On the Denomination

For this weeks reflection post, I would like to go back in time a tad and ask a question that has been pressing on my mind as we categorize religious groups. I found, both through personal experience and theological study, that many groups may be identified into a category that they themselves may not agree with. For example, in Professor Spickard’s assessment of The Church of Jesus Christ of Latter-day Saints, he illustrated a journey of the modern day Church from a sectarian identity to a more denominational identity. I as a Latter-day Saint, however, would not categorize the Church in the same way and believe that the Church maintains a more sectarian perspective. Another example from my theological studies would be with Catholicism. One theological belief of many members of the Catholic Church is that Catholicism is the only true religion on the face of the Earth, and that all non-Catholics are condemned to an eternity in hell. This sense of Catholic exceptionalism seems far more sectarian to me than denominational. My question then, is where does theology come into a sociological discussion? Does it ever?

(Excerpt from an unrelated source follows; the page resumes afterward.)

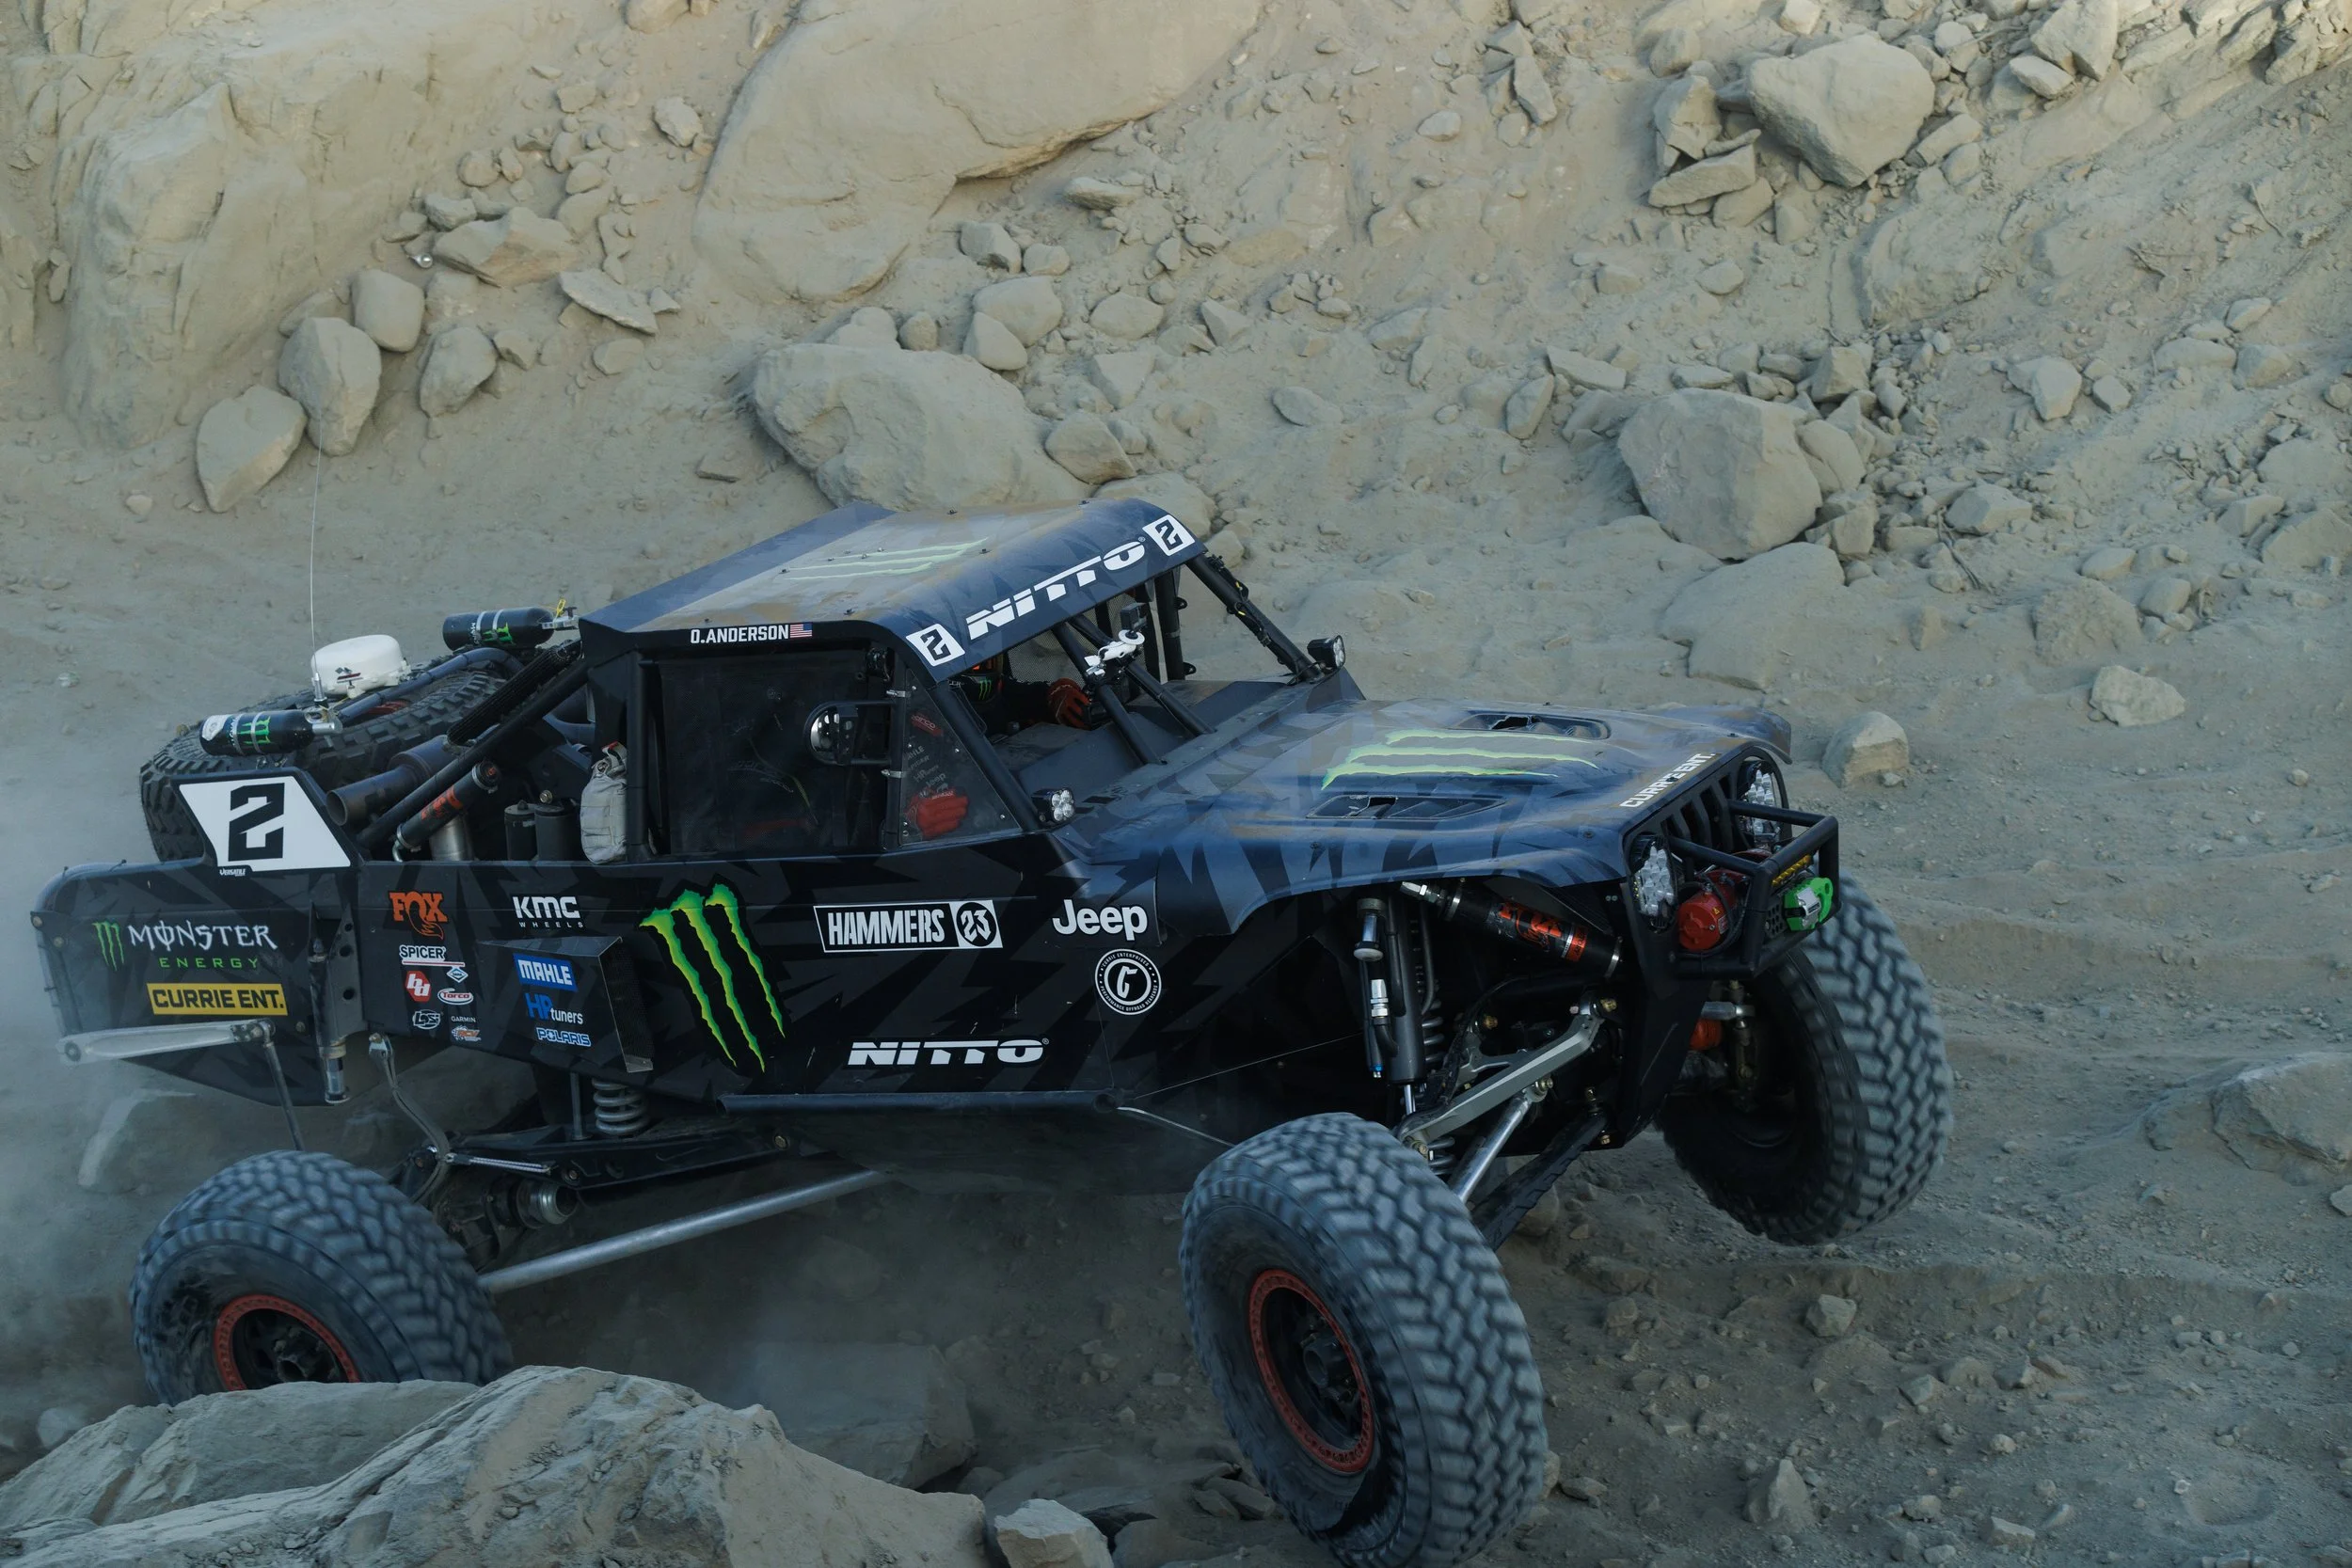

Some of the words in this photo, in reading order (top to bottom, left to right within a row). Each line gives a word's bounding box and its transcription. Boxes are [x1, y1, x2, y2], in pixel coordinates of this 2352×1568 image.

Personally, I believe that one cannot properly categorize a religious group without first having an understanding of it’s theology. I also believe that the theological stance of a particular religion must influence the beliefs and practices of its members, does it not? If a church preaches that it is the only true church on the face of the Earth, then that church and its members automatically fall of the sectarian side of the spectrum, correct? Perhaps my perspective is incorrect, and I am approaching this subject from a far too theological standpoint and not enough of a sociological standpoint, but I do not believe that the two are inherently separate. I believe that the two influence each other, at least to some degree.